Dell announced this afternoon that it’s spinning out VMware, a move that has been suspected for some time. Dell, which acquired VMware as part of the massive $58 billion EMC acquisition (announced as $67 billion) in 2015, owns approximately 81% of the stock and the company is expected to receive between $9.3 and $9.7 billion when the deal closes later this year.
Even when it was part of EMC, VMware had a special status in that it operates as a separate entity with its own executive team, board of directors and the stock has been sold separately as well.
“Both companies will remain important partners, providing Dell Technologies with a differentiated advantage in how we bring solutions to customers. At the same time, Dell Technologies will continue to modernize its core infrastructure and PC businesses and embrace new opportunities through an open ecosystem to grow in hybrid and private cloud, edge and telecom,” Dell CEO Michael Dell said in a statement.]

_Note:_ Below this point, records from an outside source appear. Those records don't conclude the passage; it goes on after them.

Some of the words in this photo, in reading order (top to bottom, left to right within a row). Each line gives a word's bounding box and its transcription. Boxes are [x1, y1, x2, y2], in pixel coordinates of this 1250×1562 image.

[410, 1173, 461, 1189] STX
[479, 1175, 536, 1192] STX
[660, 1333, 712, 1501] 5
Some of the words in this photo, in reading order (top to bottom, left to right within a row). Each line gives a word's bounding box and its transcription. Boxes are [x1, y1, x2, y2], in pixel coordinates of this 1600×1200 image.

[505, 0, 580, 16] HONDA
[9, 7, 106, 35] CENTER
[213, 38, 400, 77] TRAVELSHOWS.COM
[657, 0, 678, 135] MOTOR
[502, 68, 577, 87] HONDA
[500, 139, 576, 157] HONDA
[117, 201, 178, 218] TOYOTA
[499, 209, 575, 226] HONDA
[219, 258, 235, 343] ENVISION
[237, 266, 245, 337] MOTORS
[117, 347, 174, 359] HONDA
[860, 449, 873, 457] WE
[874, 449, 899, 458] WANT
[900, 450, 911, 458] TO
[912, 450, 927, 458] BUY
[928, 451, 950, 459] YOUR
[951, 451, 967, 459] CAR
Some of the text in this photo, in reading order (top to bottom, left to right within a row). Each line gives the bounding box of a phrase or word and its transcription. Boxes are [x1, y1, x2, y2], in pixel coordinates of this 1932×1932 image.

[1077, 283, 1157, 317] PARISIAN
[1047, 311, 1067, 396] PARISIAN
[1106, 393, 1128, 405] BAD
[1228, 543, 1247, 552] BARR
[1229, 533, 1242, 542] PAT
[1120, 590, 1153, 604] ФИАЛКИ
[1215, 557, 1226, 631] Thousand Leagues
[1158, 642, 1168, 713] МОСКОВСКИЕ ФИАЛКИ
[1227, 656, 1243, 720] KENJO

While there is a lot of CEO speak in that statement, it appears to mean that the move is mostly administrative as the companies will continue to work closely together, even after the spin off is official. Dell will remain as chairman of both companies. What’s more, the company plans to use the cash proceeds from the deal to help pay down the massive debt it still has left over from the EMC deal.
The deal is expected to close at the end of this year, but it has to clear a number of regulatory hurdles first. That includes garnering a favorable ruling from the IRS that the deal qualifies for a tax-free spin-off, which is seems to be a considerable hurdle for a deal like this.
This is a breaking story. We will have more soon.